Your assignment »
Return the entries below verbatim. Pictures stay out.

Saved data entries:

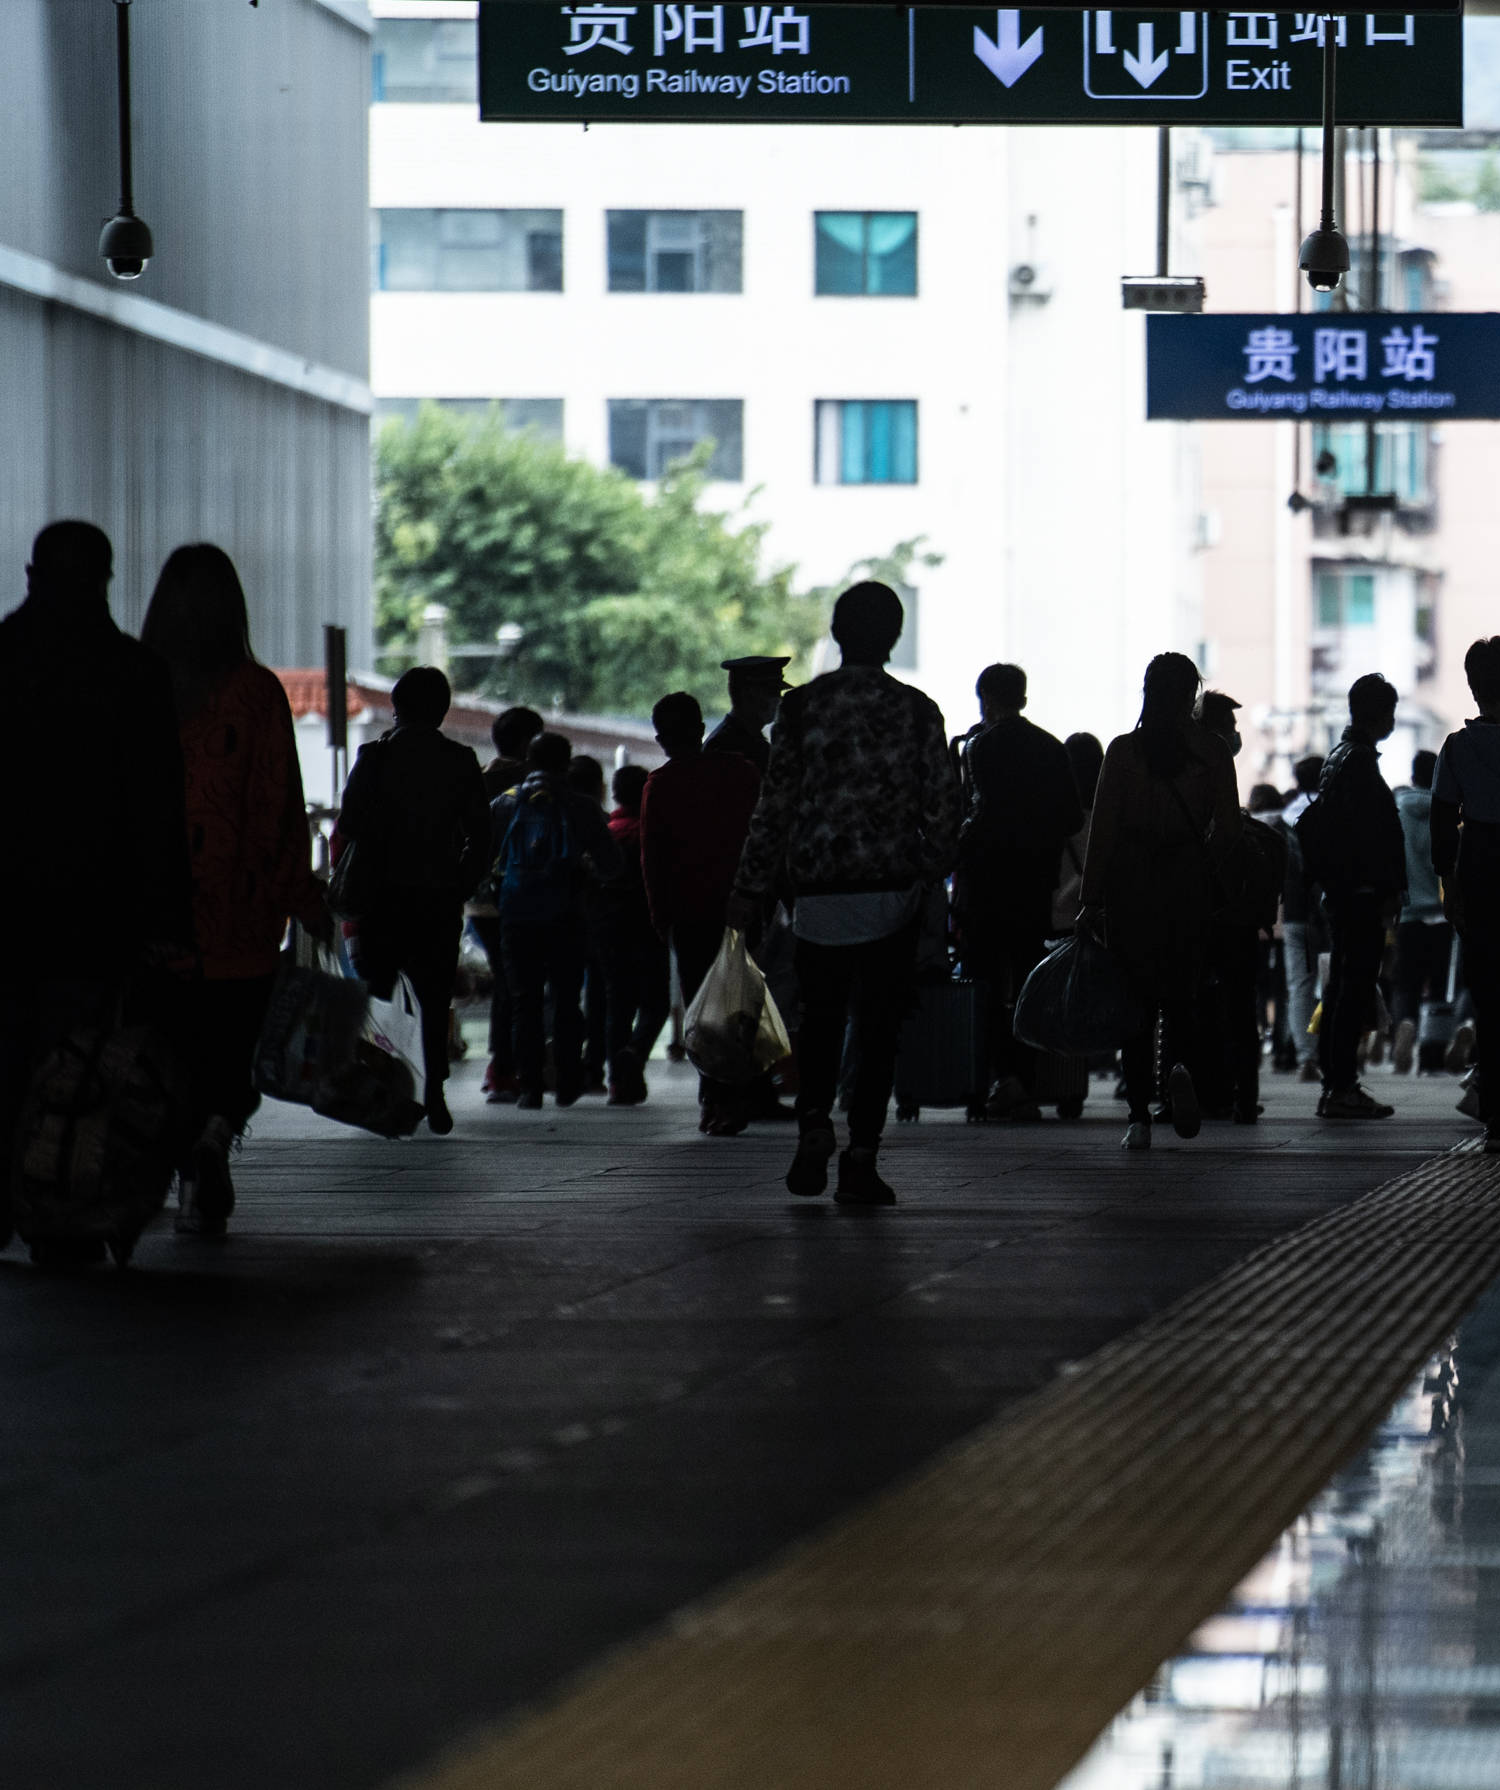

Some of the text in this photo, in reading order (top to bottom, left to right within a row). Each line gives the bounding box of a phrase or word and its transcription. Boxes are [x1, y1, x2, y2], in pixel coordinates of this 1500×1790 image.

[560, 3, 811, 56] 贵阳站
[527, 69, 850, 99] Guiyang Railway Station
[1227, 60, 1291, 91] Exit
[1242, 325, 1439, 383] 贵阳站
[1226, 388, 1456, 413] Guiyang Railway Station
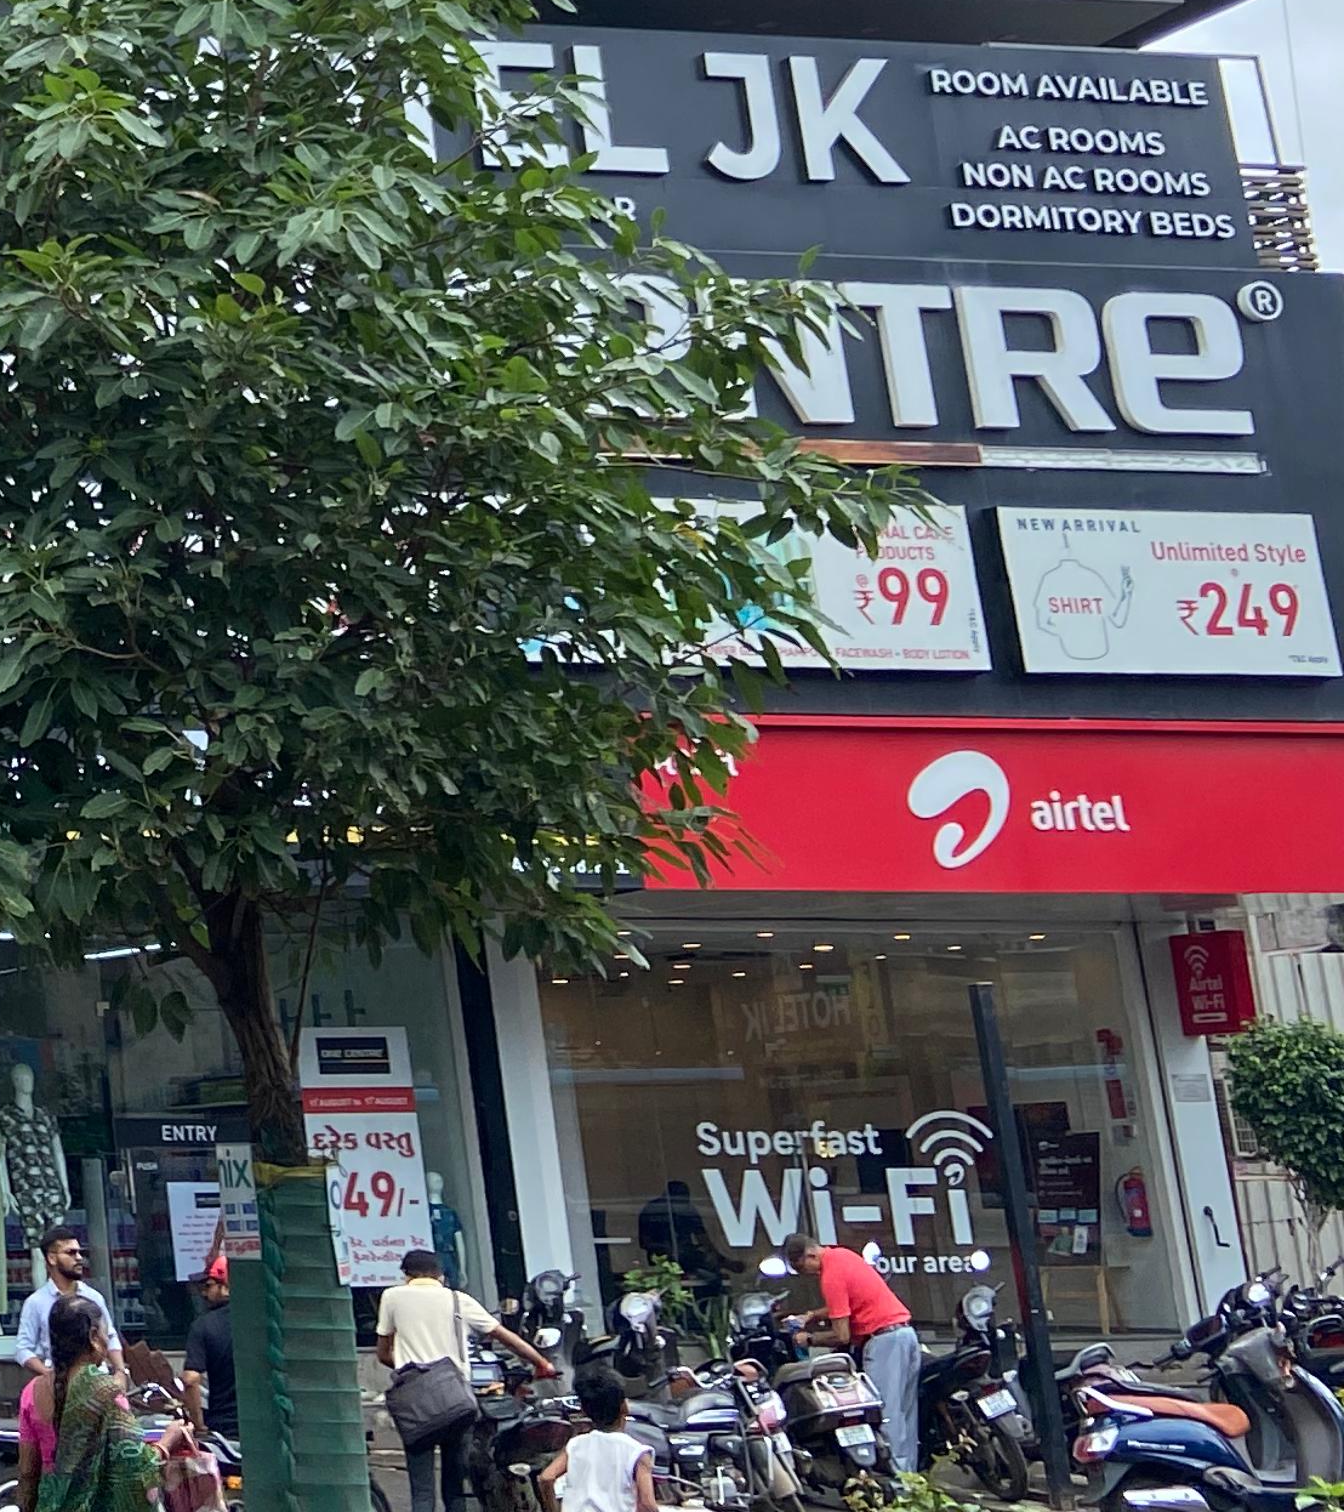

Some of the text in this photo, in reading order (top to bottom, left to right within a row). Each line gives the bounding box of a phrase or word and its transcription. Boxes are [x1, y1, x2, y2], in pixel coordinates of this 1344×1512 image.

Result for this exercise »
Some of the text in this photo, in reading order (top to bottom, left to right within a row). Each line gives the bounding box of a phrase or word and its transcription. Boxes are [x1, y1, x2, y2], in pixel coordinates of this 1500×1790 image.

[560, 3, 811, 56] 贵阳站
[527, 69, 850, 99] Guiyang Railway Station
[1227, 60, 1291, 91] Exit
[1242, 325, 1439, 383] 贵阳站
[1226, 388, 1456, 413] Guiyang Railway Station

Some of the text in this photo, in reading order (top to bottom, left to right within a row). Each line gives the bounding box of a phrase or word and its transcription. Boxes are [x1, y1, x2, y2], in pixel coordinates of this 1344×1512 image.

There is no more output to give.